In the Misty Seas: A Story of the Sealers of Behring Strait

Part 18

Chapter 184,362 wordsPublic domain

"It's behind me now, and the folks I left down there in Vancouver are alive and waiting for me. It's--kind of wonderful, but Ned Jordan fixed it all. Well, I'm not the only one who'll bless the _Champlain_ and him."

Niven felt curiously moved as he went down into the hold, and long afterwards the memory of the lonely man staring south across the dusky sea from the bows of the _Champlain_ returned to him. Just then, however, his blood was tingling with exultation. He, too, was going home, and there were folks in England waiting to welcome him.

Next day it was blowing tolerably fresh, but though the spray whirled about them and the seas frothed white behind, not an inch of canvas was taken in, and it was with a little smile in his haggard face that Tom Allardyce held the wheel. As it happened the favouring wind swept south with them, and one morning a cry brought every man on deck.

"There, that's _British Columbia_," said Stickine when the lads stared over the rail. "She'd most have licked the C.P.R. steamer."

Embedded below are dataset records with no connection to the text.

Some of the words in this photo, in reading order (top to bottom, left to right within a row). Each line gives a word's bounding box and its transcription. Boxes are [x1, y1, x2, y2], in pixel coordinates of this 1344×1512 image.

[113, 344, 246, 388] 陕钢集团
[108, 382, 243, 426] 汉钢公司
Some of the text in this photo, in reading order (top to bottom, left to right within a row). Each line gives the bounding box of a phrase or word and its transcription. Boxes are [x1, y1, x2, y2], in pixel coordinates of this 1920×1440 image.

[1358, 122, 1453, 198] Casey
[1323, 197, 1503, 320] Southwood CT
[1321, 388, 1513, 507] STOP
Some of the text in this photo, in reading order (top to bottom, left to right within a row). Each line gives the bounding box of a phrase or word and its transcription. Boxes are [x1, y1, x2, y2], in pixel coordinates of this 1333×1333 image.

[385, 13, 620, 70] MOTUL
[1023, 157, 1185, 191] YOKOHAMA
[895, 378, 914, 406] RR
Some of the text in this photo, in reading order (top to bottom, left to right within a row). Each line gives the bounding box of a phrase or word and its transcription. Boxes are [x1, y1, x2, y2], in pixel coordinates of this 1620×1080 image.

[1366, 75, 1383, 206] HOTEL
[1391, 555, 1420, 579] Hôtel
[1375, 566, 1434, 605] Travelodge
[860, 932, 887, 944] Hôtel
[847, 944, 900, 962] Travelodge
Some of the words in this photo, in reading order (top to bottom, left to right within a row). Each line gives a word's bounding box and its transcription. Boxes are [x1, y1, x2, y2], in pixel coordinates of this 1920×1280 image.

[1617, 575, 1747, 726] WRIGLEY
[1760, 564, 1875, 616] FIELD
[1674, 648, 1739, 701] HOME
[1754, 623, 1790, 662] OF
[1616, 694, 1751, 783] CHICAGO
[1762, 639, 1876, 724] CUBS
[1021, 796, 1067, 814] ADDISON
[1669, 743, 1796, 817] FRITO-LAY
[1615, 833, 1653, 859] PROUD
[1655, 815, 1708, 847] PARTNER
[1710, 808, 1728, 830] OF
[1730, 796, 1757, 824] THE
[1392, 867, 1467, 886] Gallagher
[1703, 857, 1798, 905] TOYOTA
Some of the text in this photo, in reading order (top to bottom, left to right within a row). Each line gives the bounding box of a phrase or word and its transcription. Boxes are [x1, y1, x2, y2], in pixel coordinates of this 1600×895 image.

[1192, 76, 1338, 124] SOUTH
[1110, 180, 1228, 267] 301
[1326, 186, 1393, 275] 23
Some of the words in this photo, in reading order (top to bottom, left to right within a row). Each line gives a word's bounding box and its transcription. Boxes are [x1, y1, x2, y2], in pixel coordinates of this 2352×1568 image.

Looking east the lads could see a great white rampart lifted high against the sky. Drifting mists cut it off from the world below, and here and there the fires of sunrise burned up from behind it through the hollows between the peaks. No light, however, touched the western snow as yet, and it shone ethereally majestic in its blue-white purity. Then a single golden ray streamed heavenward like a flash of a celestial beacon, and the lads watched it in wondering silence held still almost in awe, and forgot the limitless sweep of prairie, rock and forest that lay between those mountains' eastern slope and Montreal, until Stickine'e voice reminded them that they had still work to do.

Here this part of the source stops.